_Work request:_
Transcribe the records verbatim, images excluded.

_Data listing:_
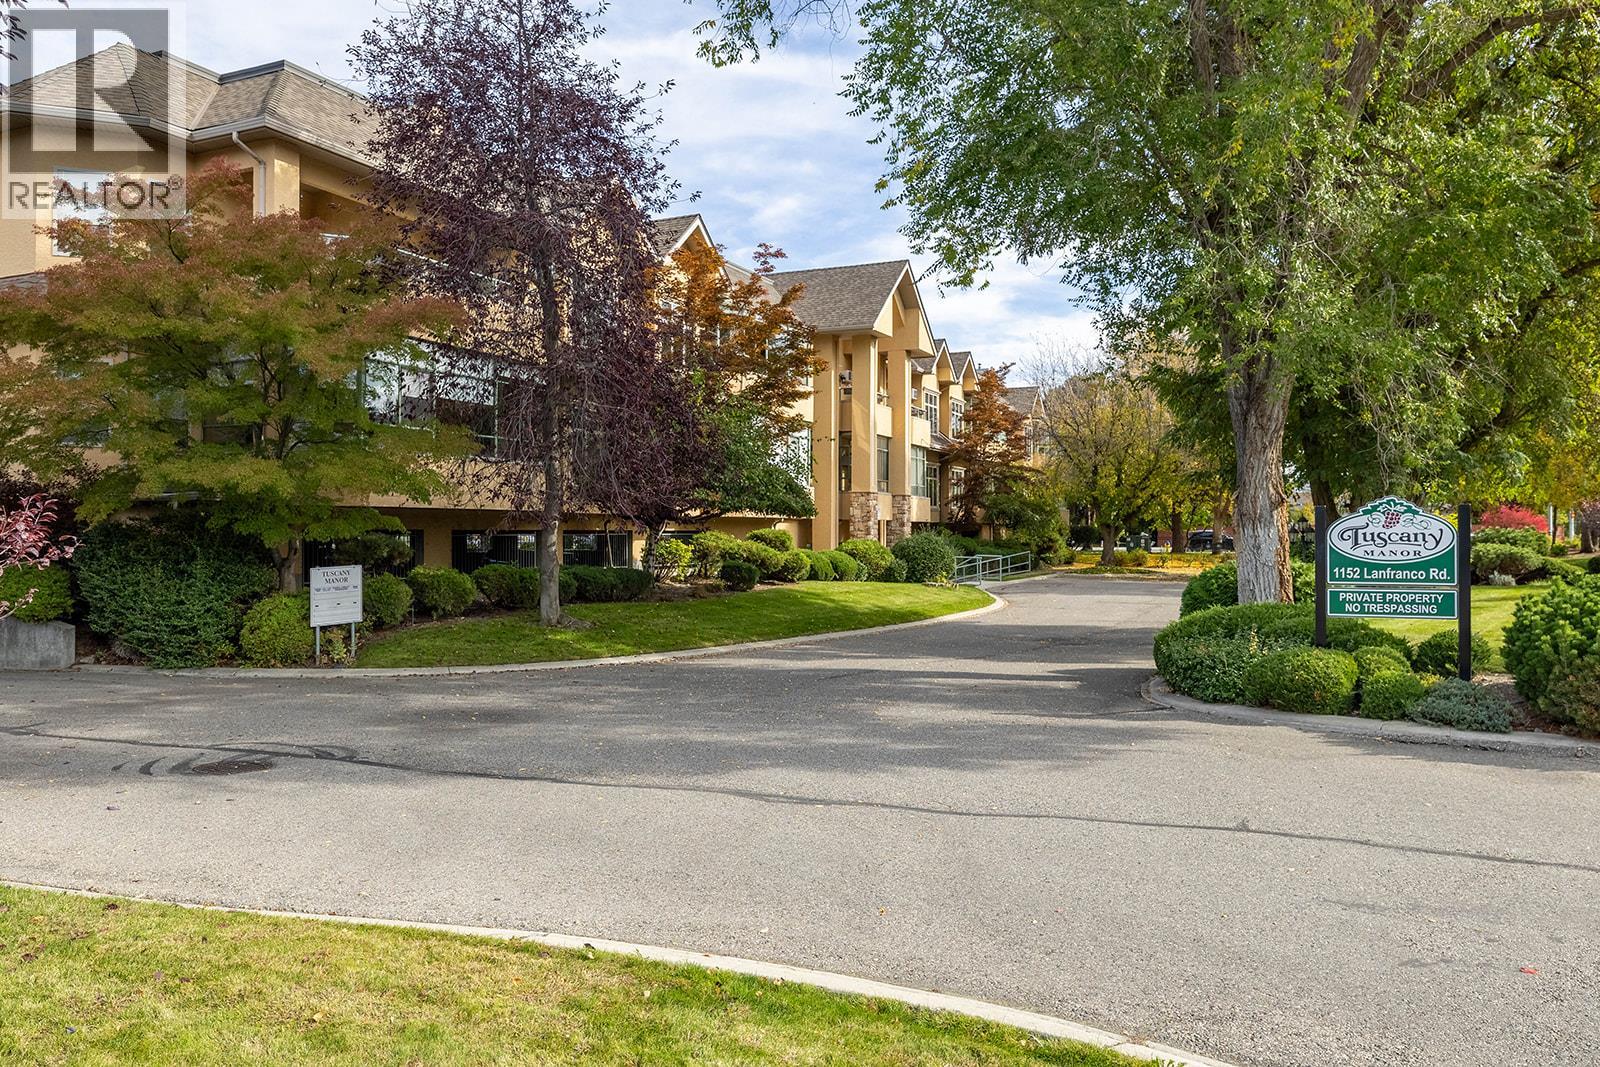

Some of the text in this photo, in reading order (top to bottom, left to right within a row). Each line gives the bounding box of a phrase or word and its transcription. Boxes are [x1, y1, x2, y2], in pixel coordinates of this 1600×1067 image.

[1338, 522, 1444, 551] Tuscany
[1363, 549, 1422, 557] MANOR
[322, 569, 351, 577] TUSCANY
[1333, 567, 1451, 580] 1152 Lanfranco Rd.
[324, 577, 349, 585] MANOR
[1339, 592, 1444, 603] PRIVATE PROPERTY
[1345, 603, 1438, 614] NO TRESPASSING

_Answer for the task:_
Some of the text in this photo, in reading order (top to bottom, left to right within a row). Each line gives the bounding box of a phrase or word and its transcription. Boxes are [x1, y1, x2, y2], in pixel coordinates of this 1600×1067 image.

[1338, 522, 1444, 551] Tuscany
[1363, 549, 1422, 557] MANOR
[322, 569, 351, 577] TUSCANY
[1333, 567, 1451, 580] 1152 Lanfranco Rd.
[324, 577, 349, 585] MANOR
[1339, 592, 1444, 603] PRIVATE PROPERTY
[1345, 603, 1438, 614] NO TRESPASSING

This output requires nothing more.